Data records

____________

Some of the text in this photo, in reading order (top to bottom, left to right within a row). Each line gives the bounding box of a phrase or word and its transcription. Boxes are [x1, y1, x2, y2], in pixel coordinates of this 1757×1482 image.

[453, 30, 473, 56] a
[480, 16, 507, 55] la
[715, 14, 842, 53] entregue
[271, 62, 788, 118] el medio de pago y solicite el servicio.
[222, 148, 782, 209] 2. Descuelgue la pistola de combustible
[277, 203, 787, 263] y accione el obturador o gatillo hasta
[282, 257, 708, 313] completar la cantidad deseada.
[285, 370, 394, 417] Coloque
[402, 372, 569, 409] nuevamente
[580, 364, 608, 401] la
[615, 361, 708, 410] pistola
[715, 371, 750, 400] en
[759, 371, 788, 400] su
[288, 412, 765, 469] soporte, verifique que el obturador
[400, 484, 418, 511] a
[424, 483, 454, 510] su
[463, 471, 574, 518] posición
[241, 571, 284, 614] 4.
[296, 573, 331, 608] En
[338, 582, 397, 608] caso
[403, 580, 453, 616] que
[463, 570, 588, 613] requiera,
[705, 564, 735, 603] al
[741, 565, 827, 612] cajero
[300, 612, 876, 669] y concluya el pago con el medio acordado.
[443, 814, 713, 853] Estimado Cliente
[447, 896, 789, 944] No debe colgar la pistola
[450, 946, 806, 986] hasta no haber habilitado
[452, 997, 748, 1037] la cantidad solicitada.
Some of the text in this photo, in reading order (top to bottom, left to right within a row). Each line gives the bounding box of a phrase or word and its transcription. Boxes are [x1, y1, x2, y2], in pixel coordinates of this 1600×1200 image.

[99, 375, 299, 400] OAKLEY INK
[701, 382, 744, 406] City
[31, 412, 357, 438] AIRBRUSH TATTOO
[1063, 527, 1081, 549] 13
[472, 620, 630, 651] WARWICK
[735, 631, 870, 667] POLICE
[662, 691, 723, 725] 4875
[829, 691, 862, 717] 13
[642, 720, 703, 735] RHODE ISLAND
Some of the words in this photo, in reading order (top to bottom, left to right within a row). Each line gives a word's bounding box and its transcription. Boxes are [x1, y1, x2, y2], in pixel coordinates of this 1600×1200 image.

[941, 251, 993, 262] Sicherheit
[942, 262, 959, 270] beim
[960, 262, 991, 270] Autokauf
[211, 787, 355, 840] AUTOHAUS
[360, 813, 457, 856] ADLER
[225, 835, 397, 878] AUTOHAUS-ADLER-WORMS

____________

▶ _Work task_: Only the lines from the one with "Some of the words" through the last line above should be restated, word for word.

▶ _Response_:
Some of the words in this photo, in reading order (top to bottom, left to right within a row). Each line gives a word's bounding box and its transcription. Boxes are [x1, y1, x2, y2], in pixel coordinates of this 1600×1200 image.

[941, 251, 993, 262] Sicherheit
[942, 262, 959, 270] beim
[960, 262, 991, 270] Autokauf
[211, 787, 355, 840] AUTOHAUS
[360, 813, 457, 856] ADLER
[225, 835, 397, 878] AUTOHAUS-ADLER-WORMS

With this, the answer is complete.